Press Release
Koenig & Clinton is pleased to announce the opening of Trans-subjective Engagements, a group exhibition that draws relationships between technology, ideology, resources, economic systems, and ecosystems. While aesthetic approaches vary, this ensemble has been arranged to focus upon present challenges through a lens of vulnerability.
The title of Leidy Churchman’s lone painting – Let’s Complete the Tasks Set Forth in the New Year’s Address – echoes the declarative promises of a demagogue. Planted amidst tidy rows of young crops, a Socialist Realist sign heralds untold yields that will resolve chronic shortages.
On the floor nearby lies a pile of minerals. Eric Wysokan’s Untitled (iPhone Mine) manifests each of the raw solids that Apple Inc. must extract to build a single device. This reckoning of resources foreshadows scarcity while the artist’s bric-à-brac Rebreather ‘respires’ recycled air in the opposite corner.
Equally incorporated, Anicka Yi’s spirited blend of plastic tubes and artisanal soap rests inert beneath an airless bell jar. Haptic and olfactoric potentials are presented within a closed system of clinical control. For a moment, Tyler Coburn’s Sabots suggests further evidence of phantom sentient bodies.

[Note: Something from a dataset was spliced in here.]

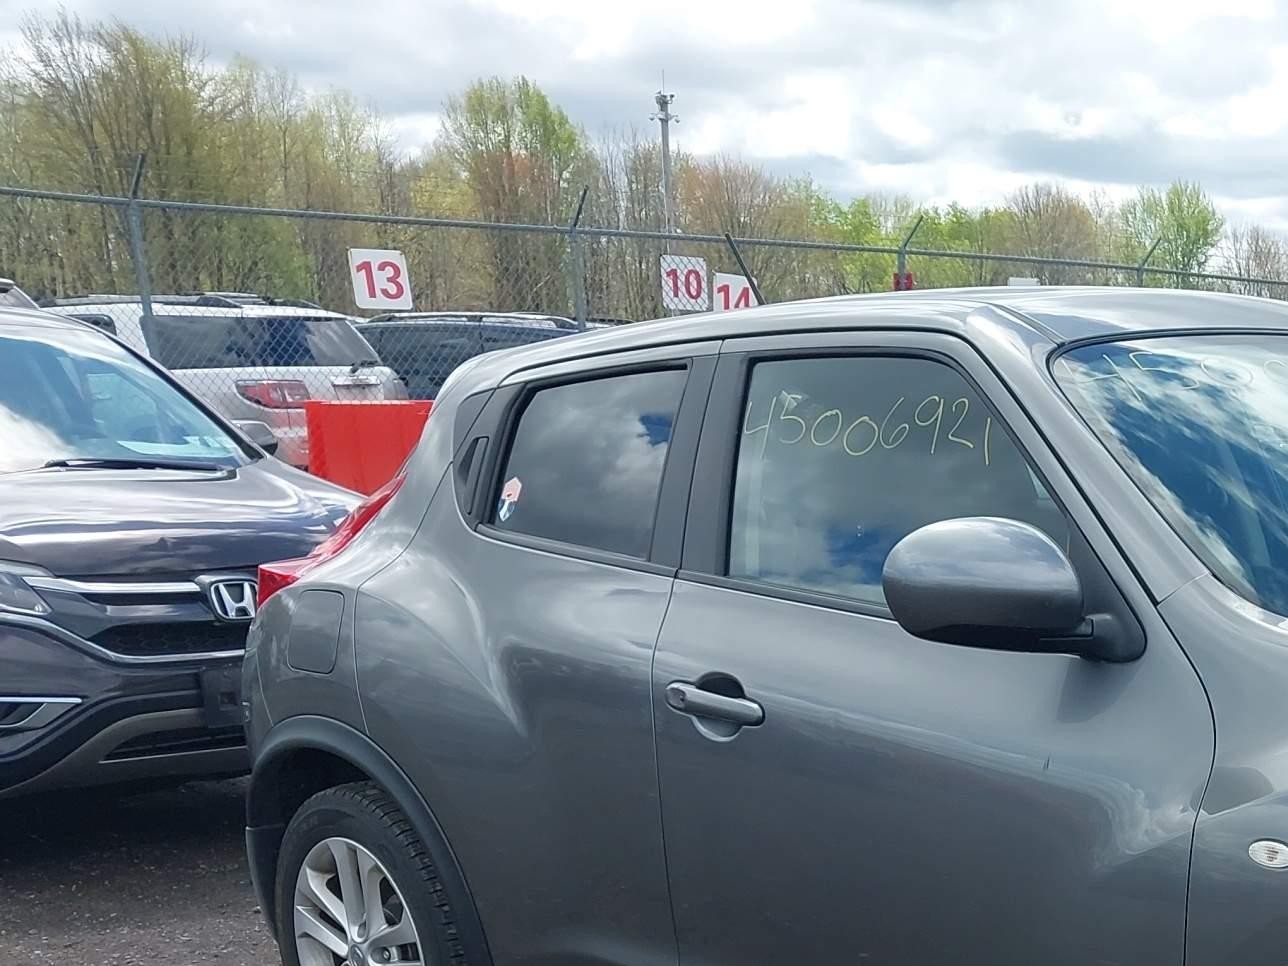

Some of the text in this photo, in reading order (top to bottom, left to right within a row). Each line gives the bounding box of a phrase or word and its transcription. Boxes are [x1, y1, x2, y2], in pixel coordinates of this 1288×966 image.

[355, 260, 405, 300] 13
[665, 268, 702, 300] 10
[744, 390, 992, 467] 45006921
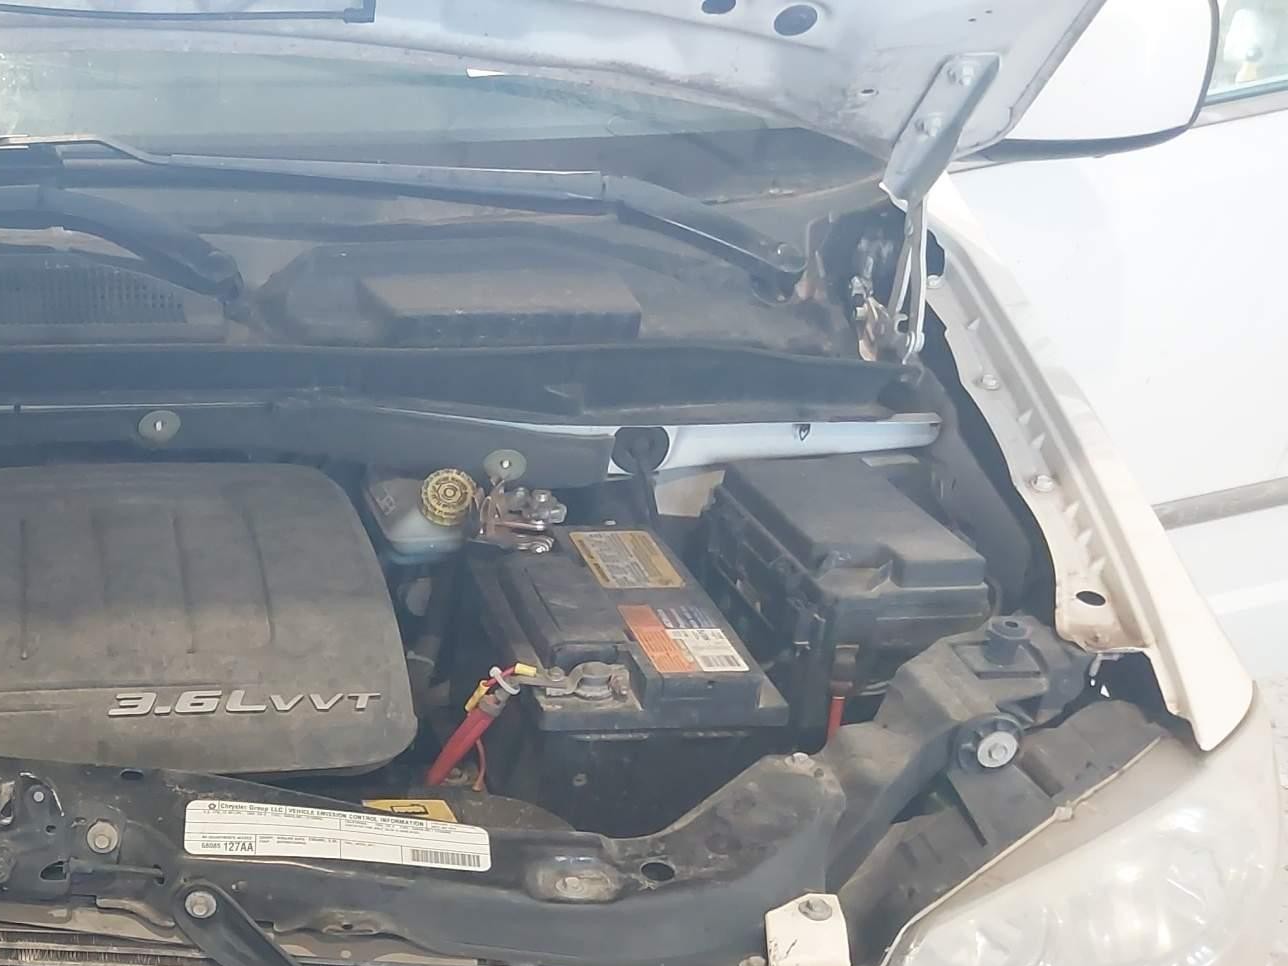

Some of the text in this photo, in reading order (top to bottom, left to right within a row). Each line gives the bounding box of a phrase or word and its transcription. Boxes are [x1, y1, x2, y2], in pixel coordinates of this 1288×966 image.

Suspended at eye-level, a pair of clogs reveals their novel construction upon closer inspection. The two forms are 3D thermoplastic prints that were fabricated under ‘lights out’ conditions at a plastic factory. The process of their production requires no human labor. Against this rendition of digital seamlessness, The Warp, Coburn’s interwoven series of framed texts and images interrupt popular narratives about automation that date back to the 18th-century.
Beginning at the tail end of the 17th-century, Jason Loeb’s thermographic exposition traces a particular arc of technological developments to denature ideological links between “laws of natural processes” and the “economy as natural law.” Through the proxy of a fictional character Suzanne Treister collapses and recombines botanical, spiritual, and economic systems, hyperbolizing the false equivalences that are drawn between them.
Installed in two groups at opposite ends of the gallery, Miljohn Ruperto’s digital Mineral Monsters quiver. Ruperto, in collaboration with animator Aimée de Jongh and neuroscientist Rajan Bhattacharyya reference Georges Canguilhem’s negation of human potential for influence over nature as the starting point for a meditation on the mineral as a neutral ground, resistant to anthropomorphic projections.